Je semble exprimer une raisonnable posture d’humilité en disant cela mais ce dont je n’avais pas pris conscience en revanche, c’est que notre cerveau craint par-dessus tout l’incertitude, synonyme de perte de contrôle.

Comme le mettent en évidence les travaux de Dan W. Grupe et Jack B. Nitschke l’incertitude est pire que la peur pour ce qui est de ses impacts sur la rationalité de la prise de décision : l’incertitude génère une anxiété qui désorganise le fonctionnement « standard » de notre cerveau en perturbant les programmations qui nous permettent d’évoluer au quotidien, ce que l’Approche Neurocognitive et Comportementale #ANC désigne comme le Mode Mental Automatique.

Plus gênant encore pour la suite, le cerveau humain, écrivent Grube et Nitschke, est une « machine d’anticipation, et “créer l’avenir” est la chose la plus importante qu’il fasse ». La capacité à utiliser les expériences passées et les informations sur notre état et notre environnement actuels pour prédire l’avenir nous permet d’augmenter les chances d’obtenir les résultats souhaités, tout en évitant ou en nous préparant à l’adversité future. Cette capacité est directement liée à notre niveau de certitude concernant les événements futurs – leur probabilité, le moment où ils se produiront et leur nature.

 

L’incertitude contribue à l’anxiété

Comme notre cerveau est rendu incapable d’évaluer rationnellement les options qui s’offrent à nous pour le futur puisqu’il lui manque des données, il ne peut « calculer » la probabilité d’occurrence des différentes options, ce qu’il passe son temps à faire en temps normal. L’incertitude diminue donc l’efficacité avec laquelle nous pouvons nous préparer à l’avenir et contribue donc à l’anxiété.

CQFD : l’incertitude et son corollaire, l’anxiété, réduisent notre capacité à trouver les bonnes solutions pour évoluer dans le « Monde d’Après ». Or, comme Markham Heid, le fait fort justement remarquer dans son article, « La capacité d’une personne à traverser des périodes d’incertitude est une caractéristique fondamentale d’un esprit sain et résilient.»

Il nous faut donc absolument « compenser » et prendre les choses en mains pour réduire à la fois notre anxiété et le sentiment d’incertitude qui en est à l’origine.

 

Mes « astuces » pour réduire le sentiment d’incertitude

Je m’autorise à partager quelques « astuces » pour y parvenir que j’ai glanées dans différentes lectures de confinement :

  • Ne pas « ruminer » ses incertitudes et entretenir ses inquiétudes ! Les recherches ont démontré que cela « musclait » des routines négatives en créant des connexions neuronales spécifiques qui leur donnent plus d’impact : en d’autres termes, le fait de s’inquiéter suscitera plus d’inquiétude encore.

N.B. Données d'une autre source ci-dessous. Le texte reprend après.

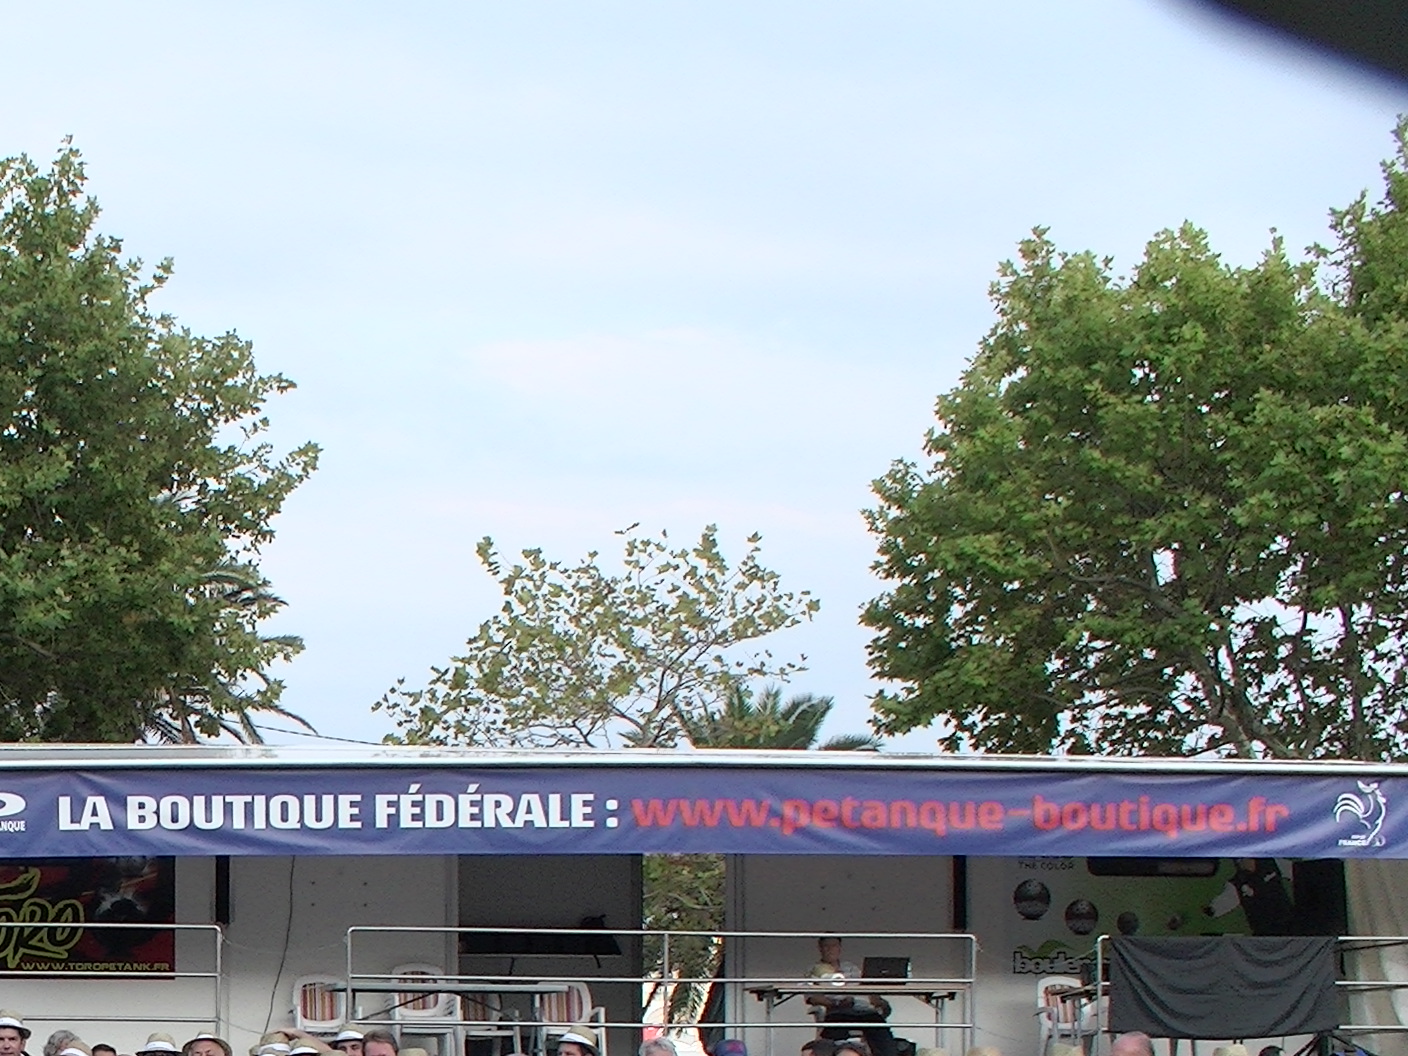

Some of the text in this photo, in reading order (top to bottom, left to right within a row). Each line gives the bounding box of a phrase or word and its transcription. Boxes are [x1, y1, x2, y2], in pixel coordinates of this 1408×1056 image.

Pour y parvenir j’utilise moi une technique simple issue de l’#ANC.

 

  • Profiter de l’instant, et se faire plaisir, « carpe diem !» : gérer des routines positives, des plannings tout en s’autorisant des loisirs et des plaisirs (osons le terme !). Autorisons-nous ce que l’on ne prend pas le temps de faire en temps normal, acceptons d’être nous-mêmes et laissons s’exprimer sans culpabilité nos motivations profondes, celles qui nous ressourcent.

 

  • Tester la méditation de pleine conscience ou « mindfulness », dont les effets sur la réduction de l’anxiété ne sont plus à démontrer et qui permet également de s’ancrer dans l’instant.

 

  • Muscler son Intelligence Adaptative, cette prodigieuse aptitude du cerveau qui nous permet de gérer l’incertitude, l’inconnu, en toute sérénité, de nous adapter, d’apprendre des choses nouvelles, de nuancer les informations qui nous parviennent. De nombreux exercices issus de l’Approche Neurocognitive et Comportementale permettent d’apprendre à la mobiliser en toute circonstances : la période est vraiment propice à ce « sport mental » qui nous sera très utile pour la suite.

 

  • Circonscrire la pandémie ! J’ai trouvé très intéressante cette suggestion de Michelle Newman, Directrice du laboratoire de recherche sur l’anxiété et la dépression de l’université d’État de Pennsylvanie, de limiter le temps et l’espace de l’information, forcément anxiogène, que nous recevons et qui est néanmoins indispensable pour se tenir informé. Elle préconise de se créer une routine informative de 20 minutes quotidiennes et de lui attribuer un lieu qui n’a pas d’autre usage que d’intégrer cette information (un simple fauteuil suffit !) : ce lieu n’étant ni celui du loisir, du travail ou du repos, notre cerveau n’associera pas l’information anxiogène à ces activités et c’est l’anxiété qui se retrouvera, elle, confinée !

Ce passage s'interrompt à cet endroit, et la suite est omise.